There usually comes a time when an artist needs to freshen up or diversify his/her sound to make an appealing change to the public. Some attempts have worked better than others; a good change in pace was Floridian band Death's change from brutal classic death metal to progressive/technical death metal, and a less favorable change was Queen's use of disco and R&B in the poorly received Hot Space. Devin Townsend was long known for making extreme metal with the band Strapping Young Lad, a band which put some of the heaviest metal bands to shame. Here with Terria, however, Devy looked to be making an honest diversion from his main project's insanity.
Terria ditches the insanely fast extreme metal in favor of a more laid-back, atmospheric metal sound, while still retaining Townsend's "wall of sound"-style production. The result is a densely layered labyrinth of shifting tempos and pure honesty, clearly marking a strikingly different style than most of Devin's works. Guess what? It is easily one of Townsend's greatest achievements if not the greatest.

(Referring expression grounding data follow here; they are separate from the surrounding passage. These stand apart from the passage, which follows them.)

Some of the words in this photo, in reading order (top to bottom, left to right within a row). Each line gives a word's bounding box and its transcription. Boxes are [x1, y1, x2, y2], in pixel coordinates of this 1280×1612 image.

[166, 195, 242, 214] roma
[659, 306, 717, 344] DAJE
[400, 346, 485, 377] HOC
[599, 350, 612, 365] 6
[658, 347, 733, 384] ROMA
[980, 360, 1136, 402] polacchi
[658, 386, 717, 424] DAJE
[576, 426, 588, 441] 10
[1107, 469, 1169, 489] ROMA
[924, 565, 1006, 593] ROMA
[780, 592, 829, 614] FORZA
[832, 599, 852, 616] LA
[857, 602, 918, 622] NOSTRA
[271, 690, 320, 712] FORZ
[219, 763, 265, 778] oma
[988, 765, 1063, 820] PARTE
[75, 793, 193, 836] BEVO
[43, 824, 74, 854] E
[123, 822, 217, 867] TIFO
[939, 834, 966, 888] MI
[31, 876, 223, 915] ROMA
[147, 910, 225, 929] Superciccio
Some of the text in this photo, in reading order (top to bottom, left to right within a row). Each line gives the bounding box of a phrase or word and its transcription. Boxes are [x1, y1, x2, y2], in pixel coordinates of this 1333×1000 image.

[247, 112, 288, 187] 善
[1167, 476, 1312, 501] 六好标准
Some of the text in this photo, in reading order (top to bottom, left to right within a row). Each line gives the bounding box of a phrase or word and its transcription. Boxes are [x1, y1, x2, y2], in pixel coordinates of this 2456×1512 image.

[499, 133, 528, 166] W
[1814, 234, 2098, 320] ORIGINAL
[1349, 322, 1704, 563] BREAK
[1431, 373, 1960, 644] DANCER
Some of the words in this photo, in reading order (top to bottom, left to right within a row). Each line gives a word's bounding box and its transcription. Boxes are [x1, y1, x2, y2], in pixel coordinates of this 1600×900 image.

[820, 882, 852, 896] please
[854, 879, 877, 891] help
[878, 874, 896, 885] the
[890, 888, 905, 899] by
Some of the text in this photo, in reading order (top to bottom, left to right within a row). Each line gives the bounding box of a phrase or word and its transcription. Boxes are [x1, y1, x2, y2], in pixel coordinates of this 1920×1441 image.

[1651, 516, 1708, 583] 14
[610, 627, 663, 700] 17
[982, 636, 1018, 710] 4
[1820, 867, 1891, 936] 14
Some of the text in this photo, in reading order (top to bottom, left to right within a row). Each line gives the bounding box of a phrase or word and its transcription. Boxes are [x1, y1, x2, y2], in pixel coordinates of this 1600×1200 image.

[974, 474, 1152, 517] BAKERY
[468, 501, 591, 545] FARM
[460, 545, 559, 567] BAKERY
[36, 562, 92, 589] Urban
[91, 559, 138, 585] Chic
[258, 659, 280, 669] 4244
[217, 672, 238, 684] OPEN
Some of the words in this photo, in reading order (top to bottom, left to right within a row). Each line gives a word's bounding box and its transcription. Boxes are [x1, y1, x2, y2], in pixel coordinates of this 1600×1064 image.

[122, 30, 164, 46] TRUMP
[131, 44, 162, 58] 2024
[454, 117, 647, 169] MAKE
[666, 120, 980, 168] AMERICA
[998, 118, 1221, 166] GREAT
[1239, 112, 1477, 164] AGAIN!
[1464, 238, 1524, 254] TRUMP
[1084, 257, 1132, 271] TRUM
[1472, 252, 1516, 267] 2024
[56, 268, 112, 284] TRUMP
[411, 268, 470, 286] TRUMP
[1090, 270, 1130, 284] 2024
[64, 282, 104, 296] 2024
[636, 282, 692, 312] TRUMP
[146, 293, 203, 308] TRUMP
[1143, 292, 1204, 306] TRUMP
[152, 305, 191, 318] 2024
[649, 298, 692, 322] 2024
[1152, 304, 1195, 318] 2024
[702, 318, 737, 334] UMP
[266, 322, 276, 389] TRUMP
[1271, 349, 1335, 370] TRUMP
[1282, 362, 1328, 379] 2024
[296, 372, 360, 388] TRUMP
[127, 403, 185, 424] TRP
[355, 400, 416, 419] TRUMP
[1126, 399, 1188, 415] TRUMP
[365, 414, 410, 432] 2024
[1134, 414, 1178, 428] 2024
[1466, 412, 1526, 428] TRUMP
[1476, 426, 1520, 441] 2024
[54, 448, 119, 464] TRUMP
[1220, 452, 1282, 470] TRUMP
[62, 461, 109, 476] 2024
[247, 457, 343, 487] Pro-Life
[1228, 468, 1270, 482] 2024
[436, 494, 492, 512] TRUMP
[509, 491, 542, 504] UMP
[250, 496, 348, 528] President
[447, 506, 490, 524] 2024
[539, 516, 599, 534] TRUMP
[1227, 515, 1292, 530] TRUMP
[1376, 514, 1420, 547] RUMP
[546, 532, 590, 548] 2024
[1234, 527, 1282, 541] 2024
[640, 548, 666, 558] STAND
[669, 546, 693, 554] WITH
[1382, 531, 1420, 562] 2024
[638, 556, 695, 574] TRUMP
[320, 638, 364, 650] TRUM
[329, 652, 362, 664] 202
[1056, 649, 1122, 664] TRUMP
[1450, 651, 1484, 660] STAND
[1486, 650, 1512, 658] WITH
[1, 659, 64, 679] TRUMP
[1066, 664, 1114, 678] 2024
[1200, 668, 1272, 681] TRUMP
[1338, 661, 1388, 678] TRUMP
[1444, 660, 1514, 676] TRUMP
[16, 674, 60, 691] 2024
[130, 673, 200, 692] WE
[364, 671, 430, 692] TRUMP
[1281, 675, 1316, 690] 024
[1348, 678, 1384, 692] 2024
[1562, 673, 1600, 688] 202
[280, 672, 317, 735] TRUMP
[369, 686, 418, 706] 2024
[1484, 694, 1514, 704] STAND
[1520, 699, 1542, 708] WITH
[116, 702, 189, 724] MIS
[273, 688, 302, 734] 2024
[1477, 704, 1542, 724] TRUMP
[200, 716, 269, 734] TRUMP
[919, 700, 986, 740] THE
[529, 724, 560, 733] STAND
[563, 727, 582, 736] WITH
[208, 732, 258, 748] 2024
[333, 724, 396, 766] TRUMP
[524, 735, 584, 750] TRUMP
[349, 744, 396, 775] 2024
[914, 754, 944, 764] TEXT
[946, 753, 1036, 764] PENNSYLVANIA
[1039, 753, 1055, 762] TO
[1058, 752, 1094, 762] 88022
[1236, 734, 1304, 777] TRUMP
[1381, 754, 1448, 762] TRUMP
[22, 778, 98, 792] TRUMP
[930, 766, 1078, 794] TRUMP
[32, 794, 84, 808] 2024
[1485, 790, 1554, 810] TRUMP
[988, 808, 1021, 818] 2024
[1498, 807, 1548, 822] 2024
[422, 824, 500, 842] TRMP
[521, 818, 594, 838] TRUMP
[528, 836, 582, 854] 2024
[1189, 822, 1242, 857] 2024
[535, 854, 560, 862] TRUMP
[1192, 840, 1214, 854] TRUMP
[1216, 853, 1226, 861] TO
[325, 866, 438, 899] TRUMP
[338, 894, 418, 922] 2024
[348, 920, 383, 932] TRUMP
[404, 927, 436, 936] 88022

The album opens on an odd note with the track "Olives." A very deep voice is speaking throughout most of the song, ceasing for the metallic build-up that leads into the next track, "Mountain." "Olives" sets no clear tone for what the album is going to be like, deciding upon unpredictability to hit the listener. "Mountain," however, sets a better pace and rolls things along. The song starts with a mammoth riff with a growl from Devin, before one of the biggest surprises hits you: Instead of using insane screams like in Strapping Young Lad, Devy opts for a very soothing clean voice to layer over the pummeling sheets of guitar. After a minute or two of the heavy riff rolling along, a more atmospheric section starts up to give more room for Devin's musical diversity to shine with his bandmates. Overall, these two tracks present a very unique start to the record, but are fantastic either way.
"Earth Day" would have to be a highlight here, basically presenting a shortened form of all that Terria has to over; it shifts tempos and dynamics, it has Devin employing all of his vocal styles, and the backing musicians all do a phenomenal job of setting the brisk-but-varied mood the song invokes. The highlight of the song is the climactic chorus when Townsend yells out, "It's an EARTH-FU*KING-DAY" over the heavy-as-f*ck metal supporting his vocals. Another huge highlight of the album is "Stagnant," the closing track (not counting the hidden track, "Universal"). The song is an absolutely gorgeous ballad that can perfectly meld force and beauty into a seamless whole. The lyrics aren't the deepest on the album, but when coupled with the elegant melodies, they are elevated to a much higher plane.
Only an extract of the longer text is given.